WORK INSTRUCTIONS: The whole listing should come back exactly as written, except for the pictures.

RECORDS PROVIDED:
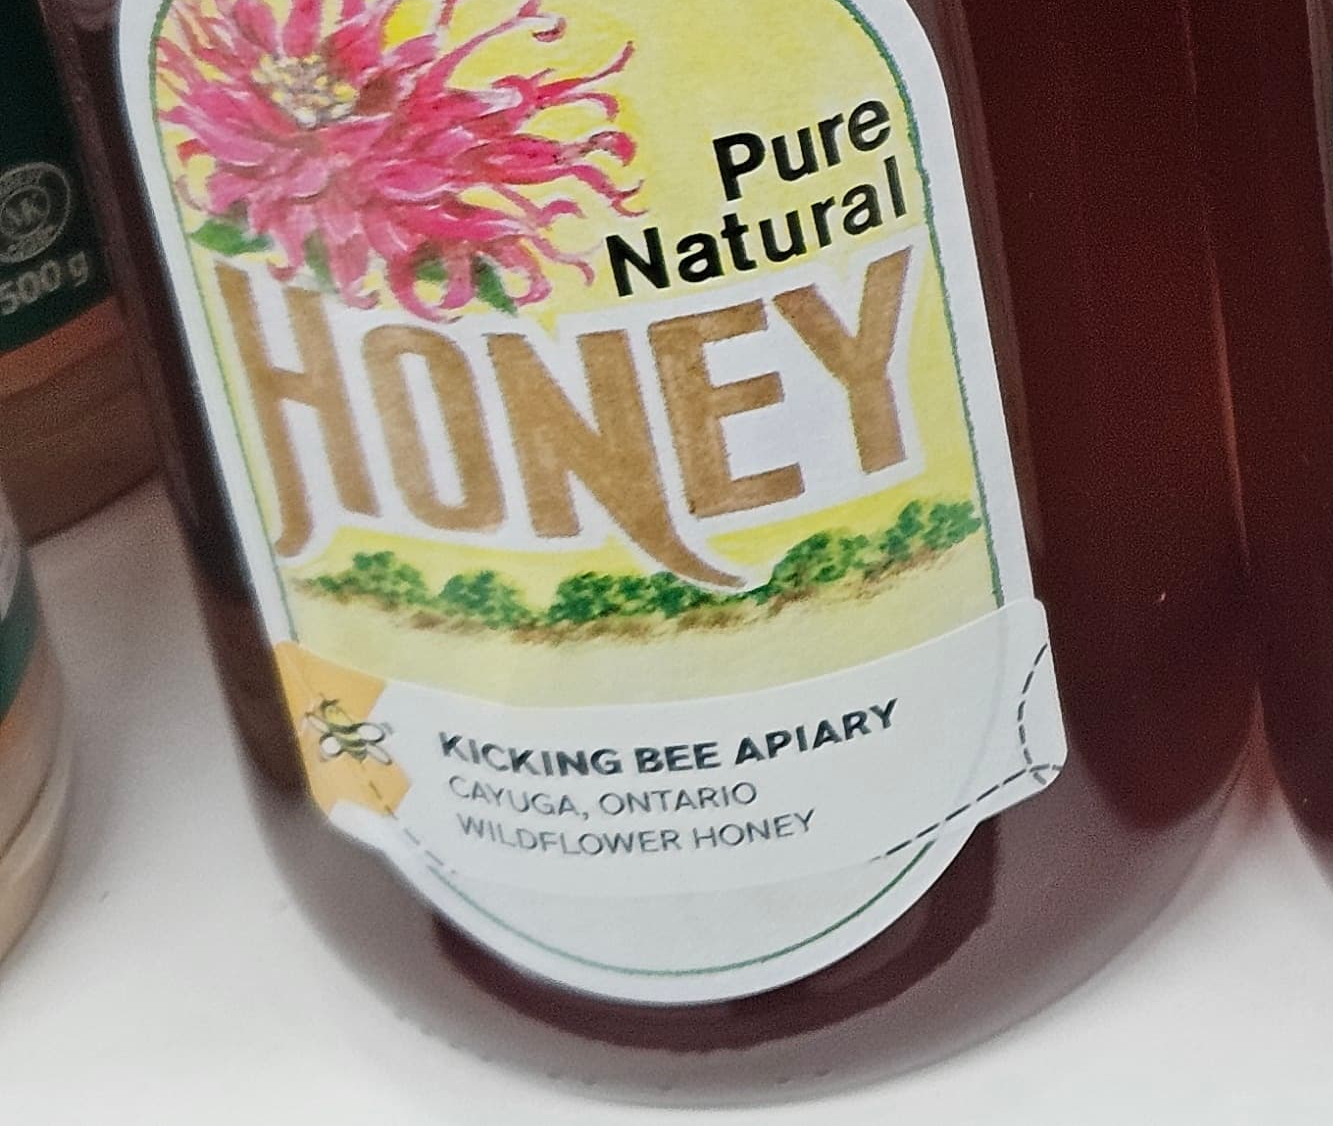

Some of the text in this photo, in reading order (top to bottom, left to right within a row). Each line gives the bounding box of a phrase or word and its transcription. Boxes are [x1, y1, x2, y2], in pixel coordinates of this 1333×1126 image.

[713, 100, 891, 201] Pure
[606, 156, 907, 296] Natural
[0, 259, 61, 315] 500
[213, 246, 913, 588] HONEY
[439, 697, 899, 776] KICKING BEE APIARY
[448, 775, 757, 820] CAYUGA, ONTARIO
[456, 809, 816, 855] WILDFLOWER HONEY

THE ANSWER:
Some of the text in this photo, in reading order (top to bottom, left to right within a row). Each line gives the bounding box of a phrase or word and its transcription. Boxes are [x1, y1, x2, y2], in pixel coordinates of this 1333×1126 image.

[713, 100, 891, 201] Pure
[606, 156, 907, 296] Natural
[0, 259, 61, 315] 500
[213, 246, 913, 588] HONEY
[439, 697, 899, 776] KICKING BEE APIARY
[448, 775, 757, 820] CAYUGA, ONTARIO
[456, 809, 816, 855] WILDFLOWER HONEY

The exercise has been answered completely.